We begin by noting that law is conventionally taught and practiced, in South Asia (though not only there) by treating it as an autonomous and self-sufficient phenomenon. The doctrinal researchers regard law as autonomous and believe it is capable of giving an account of itself. The law also tends to be narrowly conceived as what judges, legislators, or the police ‘do’ – ignoring the diffuse structures of power and governance, and practices of regulation, normalisation, and biopolitics that penetrate bodies and condition behaviour.

The notion that law is autonomous (legal formalism or legal positivism) has been subjected to sustained challenge over many decades by scholars who draw on social science methodologies, as well as by the law and literature movement, and by activists who constantly challenge the positivist image of law. Broadly conceived, these scholars seek to explain law as a social, anthropological, historical, and economic artefact which should be understood and studied as such. This implies also that we trace the genealogies of categories which inform law, and the images and imaginings of law in contemporary social science theory. All this suggests that the law is not confined to state law or the appellate judiciary. Not only it remains a fact that state law remains inherently plural; it interacts with plural regimes of customariness. We wish to understand how forms of state and non-state law mutually constitute each other and how they relate to different structures of power and techniques of violence.

Methods and techniques drawn from the social sciences are central to understanding the market, legal structures, regulation and statecraft in the era of globalisation. In mapping the field of law and social sciences, we interrogate the place of law and economics in the larger context of the scripting of the transformation of legal and regulatory regimes. We recognise that while regulation has emerged as a field in conversation with the discipline of economics, there is very little work which details the intersection of regulation with law. Moreover, the conversations between regulators and lawyers do not seem to be informed by social science frameworks and methodologies.

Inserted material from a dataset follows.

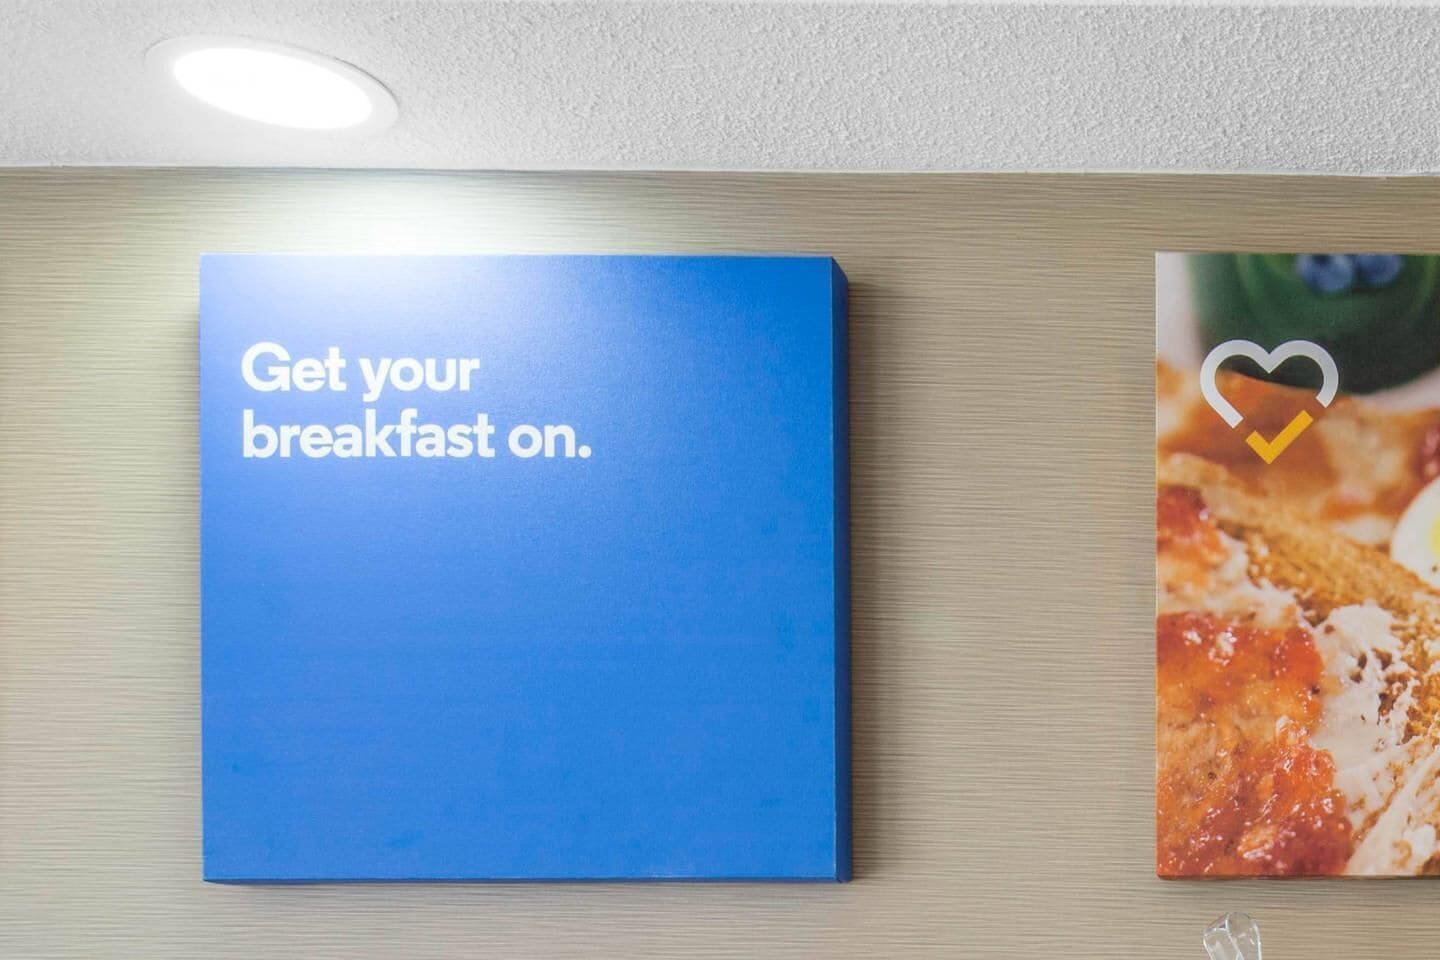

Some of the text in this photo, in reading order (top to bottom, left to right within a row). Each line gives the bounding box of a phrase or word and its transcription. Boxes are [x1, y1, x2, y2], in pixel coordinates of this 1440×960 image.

The Law and Social Sciences Network (LASS) reflects the interests of those scholars who wish to engage with interdisciplinary research on the transformation of legal and regulatory regimes from varying empirical and theoretical viewpoints.

LASS recognises that much scholarship informed by the social sciences in South Asia has been engaged with social movements and forms of activism which have challenged law’s power to deny, censor, hurt, humiliate and kill. The engagement with this politics of hurt has led to many passionate debates about the place of law in our work and in our politics. Yet in South Asia, the research, teaching and practice of law that draws on the social sciences has been relegated to the margins, and radical activist engagement with law devalued by official discourses of judicial reform. LASS invites reflexive engagements from scholars and activists about the relationship between law and social movements.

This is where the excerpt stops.